In this presentation, we will deliberate the risks and benefits of exercise in one’s eating disorder recovery journey, and present ways to discuss these issues with clients. We will review recent evidence based guidelines proposed to guide clinicians in their endeavors to integrate exercise into eating disorder treatment and evaluate the physical and psychological safely of exercise before making such recommendations. We will also discuss specific movement activities that have can help improve the relationship with one’s thoughts, emotions, and somatic experiences.
Primary Presenter:
Jenn Burnell, MS RD/LDN CEDRD

Jenn is the Marketing and Outreach Specialist for Carolina House in Durham, North Carolina. Jenn received her Bachelors at UNC -Chapel Hill, and a Masters in Nutrition at the University of Georgia. Jenn was a reviewer for the Academy of Nutrition and Dietetics’ Position and Practice Papers for Nutrition Intervention in the Treatment of Eating Disorders. She is a CEDRD and Approved Supervisor through iaedp.
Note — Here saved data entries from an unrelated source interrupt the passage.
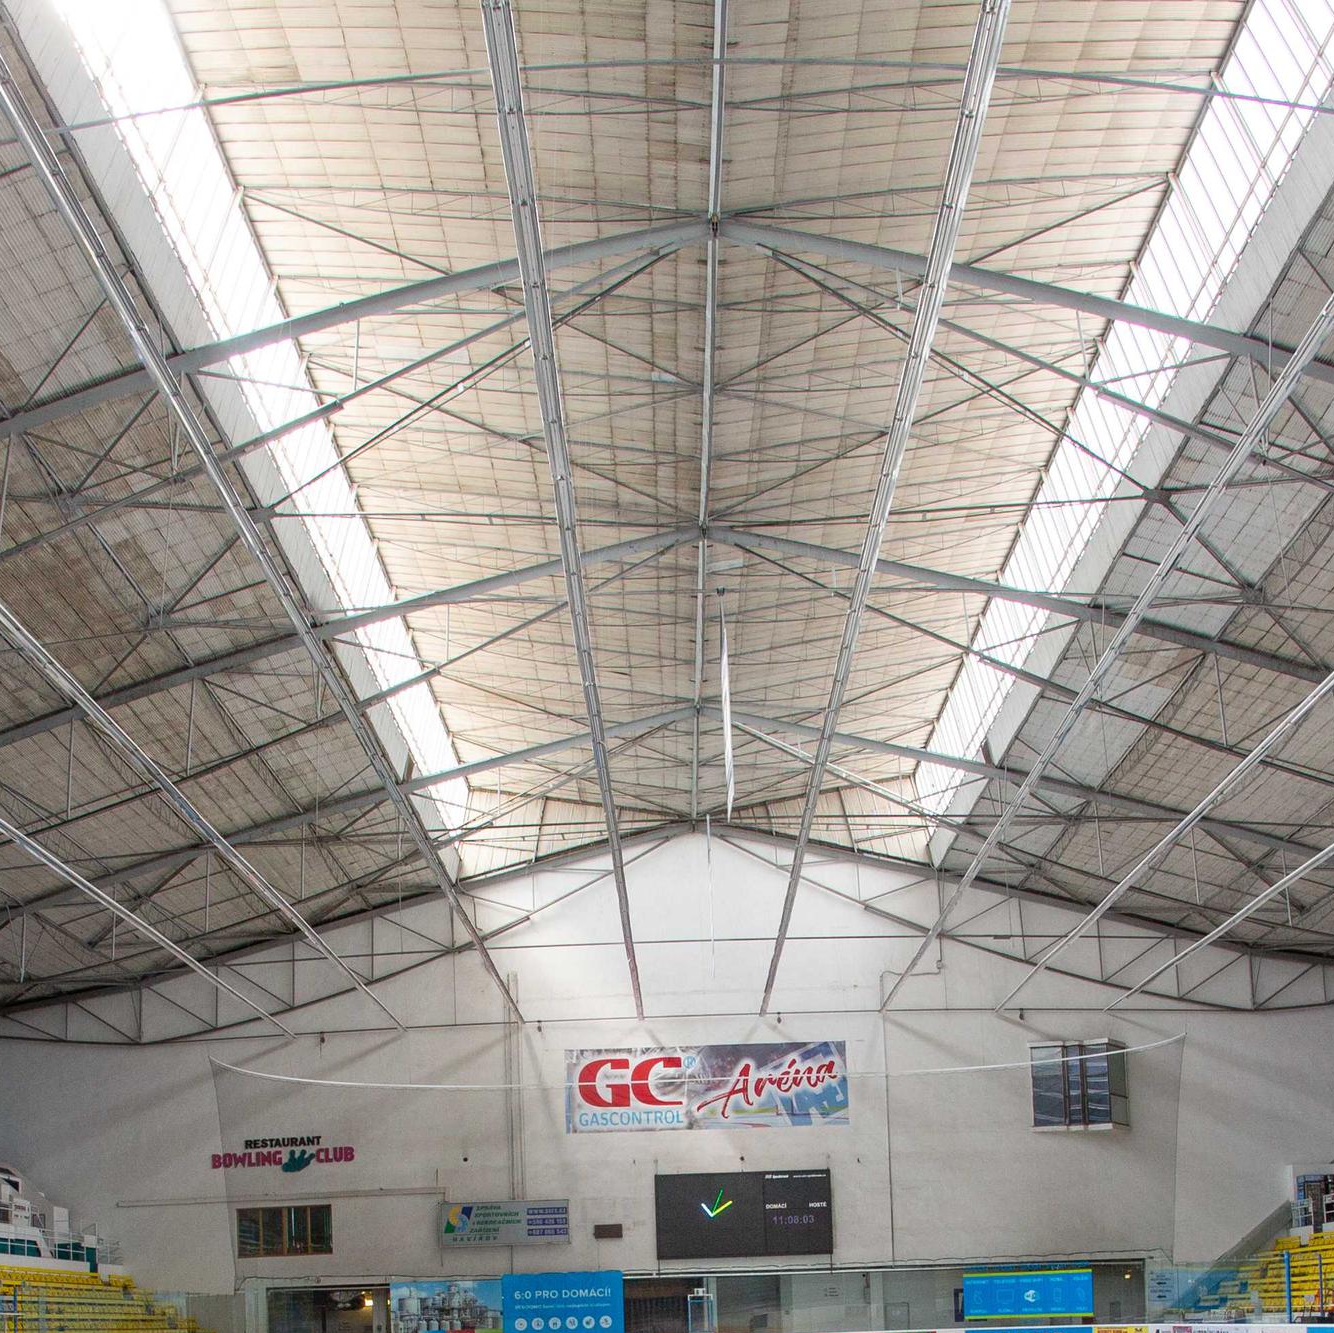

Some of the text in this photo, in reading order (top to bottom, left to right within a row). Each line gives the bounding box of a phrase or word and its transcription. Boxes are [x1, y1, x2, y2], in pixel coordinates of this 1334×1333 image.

[579, 1056, 683, 1108] GC
[697, 1059, 839, 1119] Aréna
[579, 1110, 684, 1127] GASCONTROL
[244, 1136, 322, 1149] RESTAURANT
[211, 1146, 355, 1169] BOWLING CLUB
[765, 1202, 787, 1210] DOMÁCÍ
[514, 1286, 611, 1300] 6:0 PRO DOMÁCÍ!
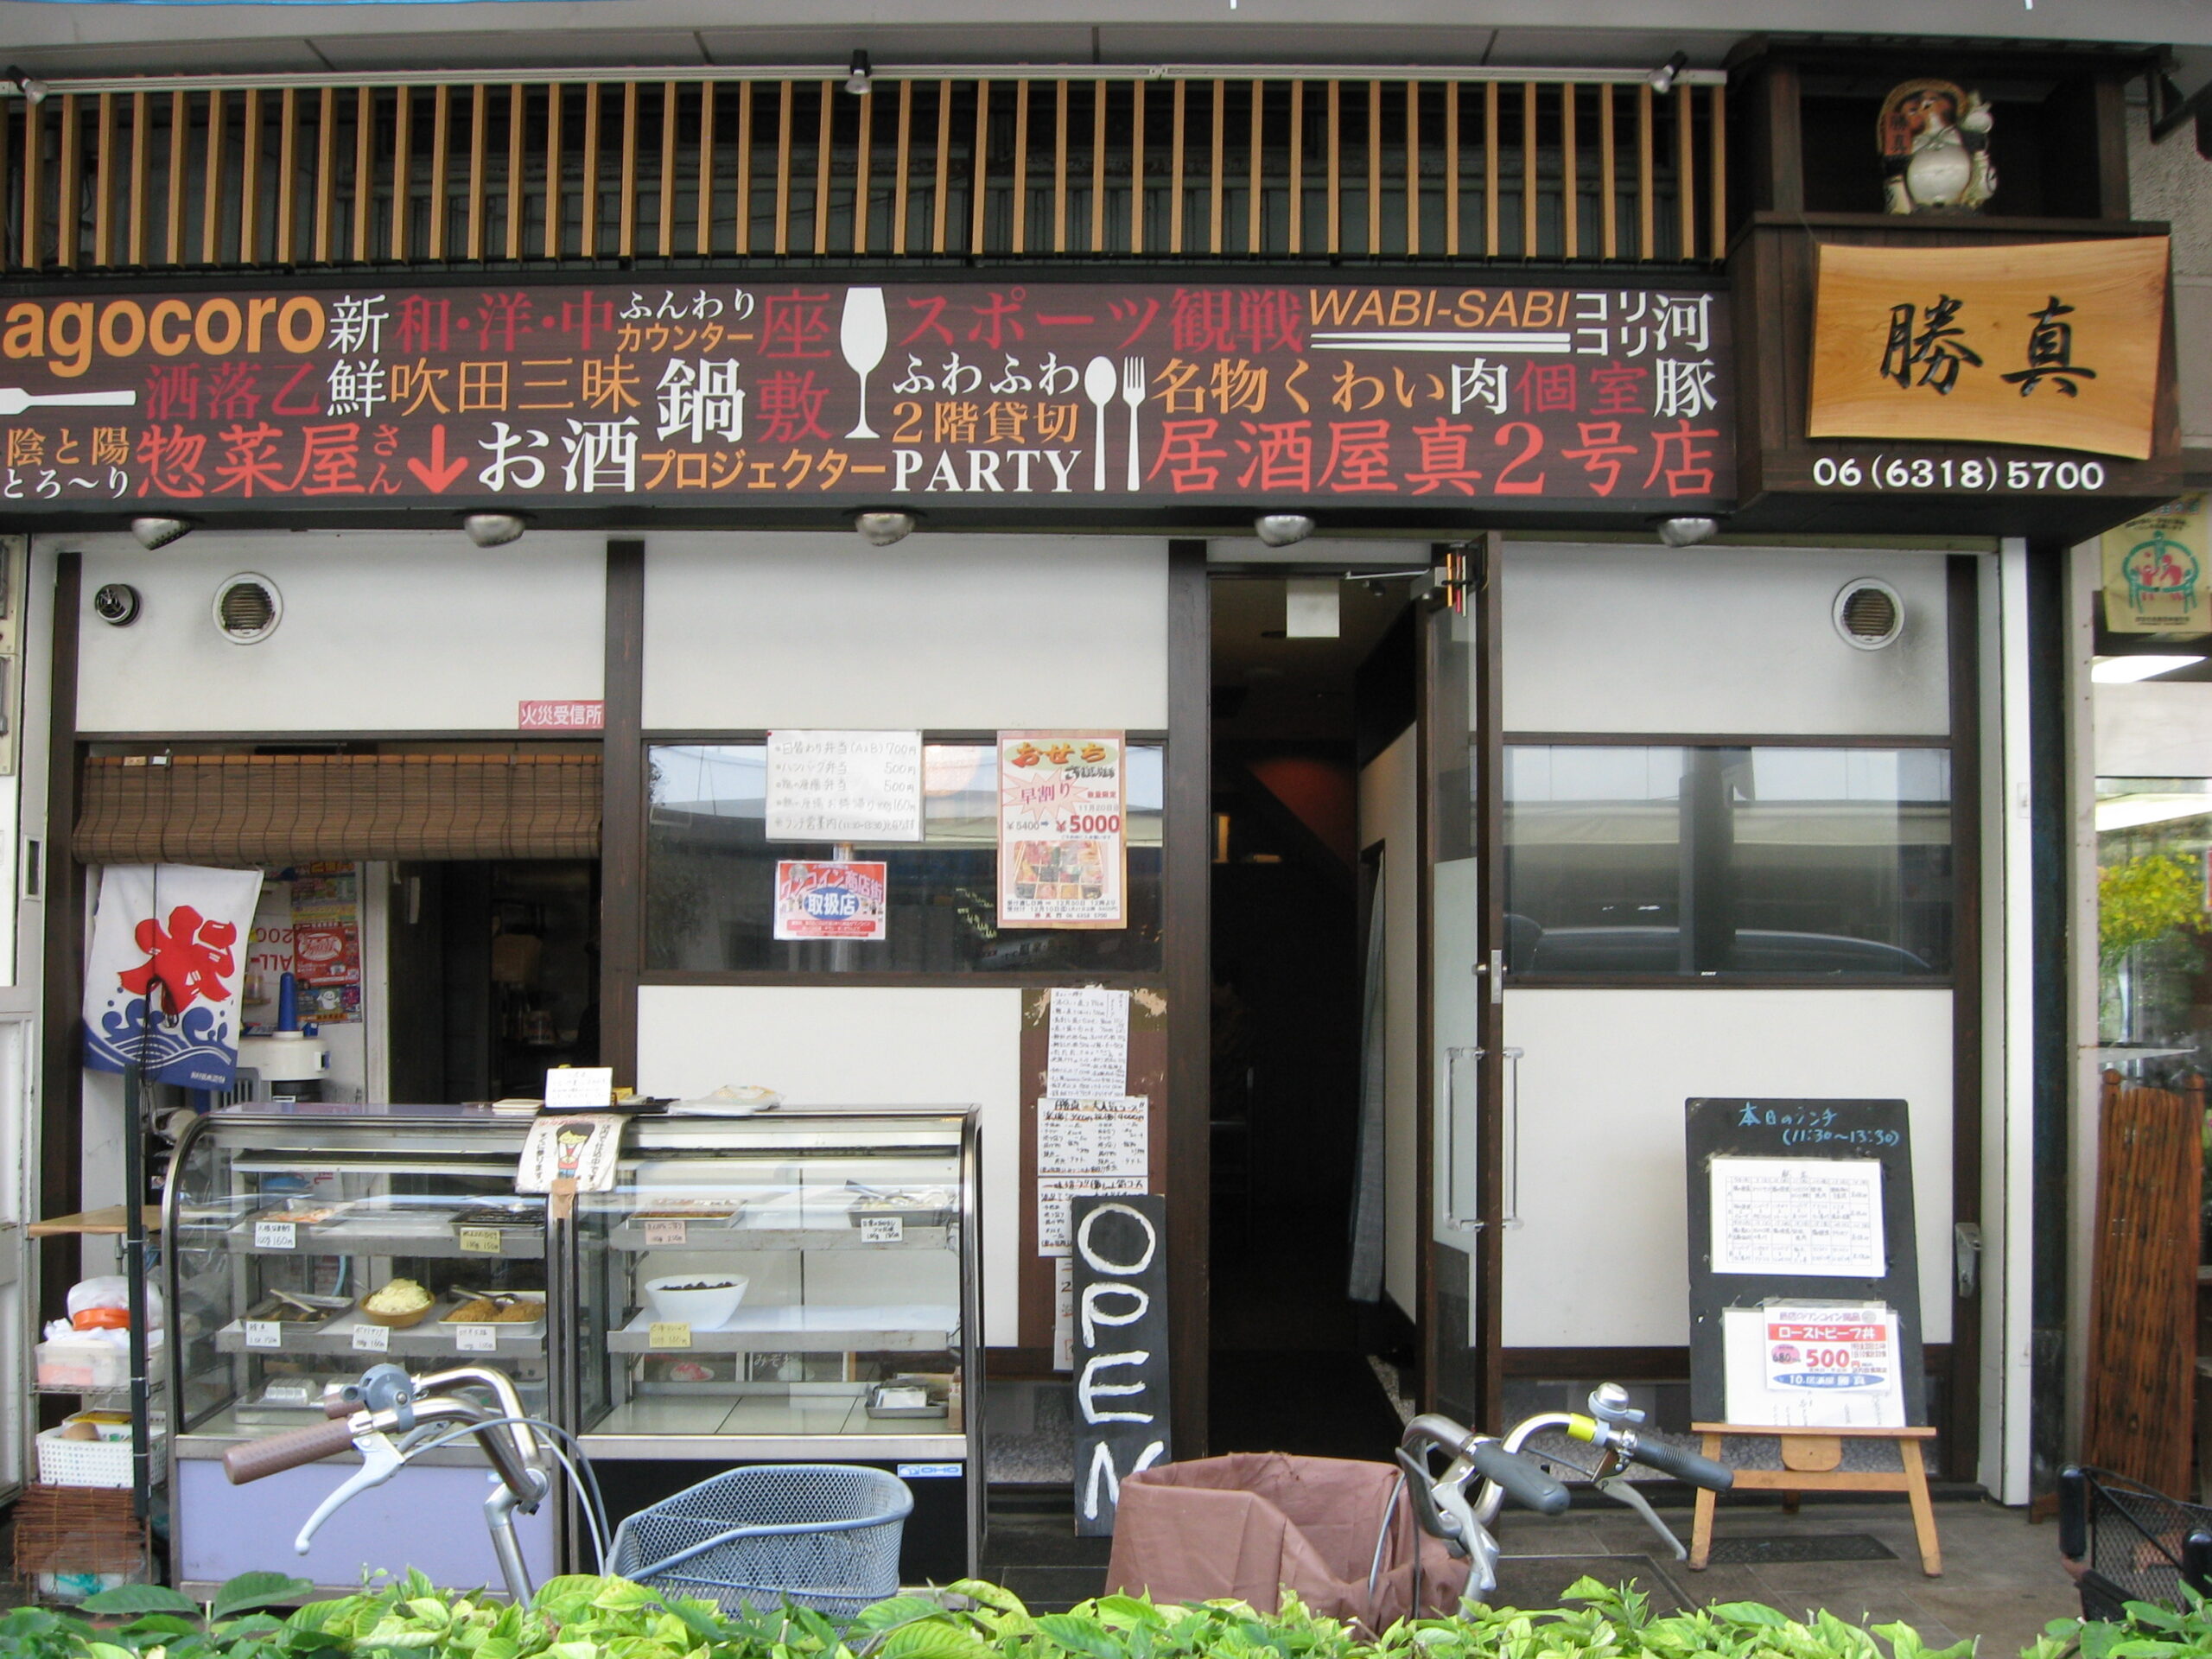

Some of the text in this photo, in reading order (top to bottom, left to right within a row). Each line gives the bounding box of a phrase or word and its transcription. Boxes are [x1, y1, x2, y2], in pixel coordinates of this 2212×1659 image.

As her “side job”, Jenn has been a Certified Group Fitness Instructor since 1991. In her spare time, Jenn enjoys also enjoys stand up paddleboarding, hiking, watching college sports, and volunteering at the local SPCA.

Jessika Brown, MS, RD, CEDRD, CSSD

Jessika has specialized in eating disorders since 2010. She has served as the director of nutrition at the Eating Disorder Treatment Center of Albuquerque offering outpatient, intensive outpatient, and partial hospitalization care to the community. She enjoys working with other dietitians and teaches graduate courses on eating disorders and exercise at the University of New Mexico. Jessika recently gave her first TED Talk entitled “A Healthy Cause To Find A Healthy You.” She loves to spend her free time outdoors with her three boys and purse dog.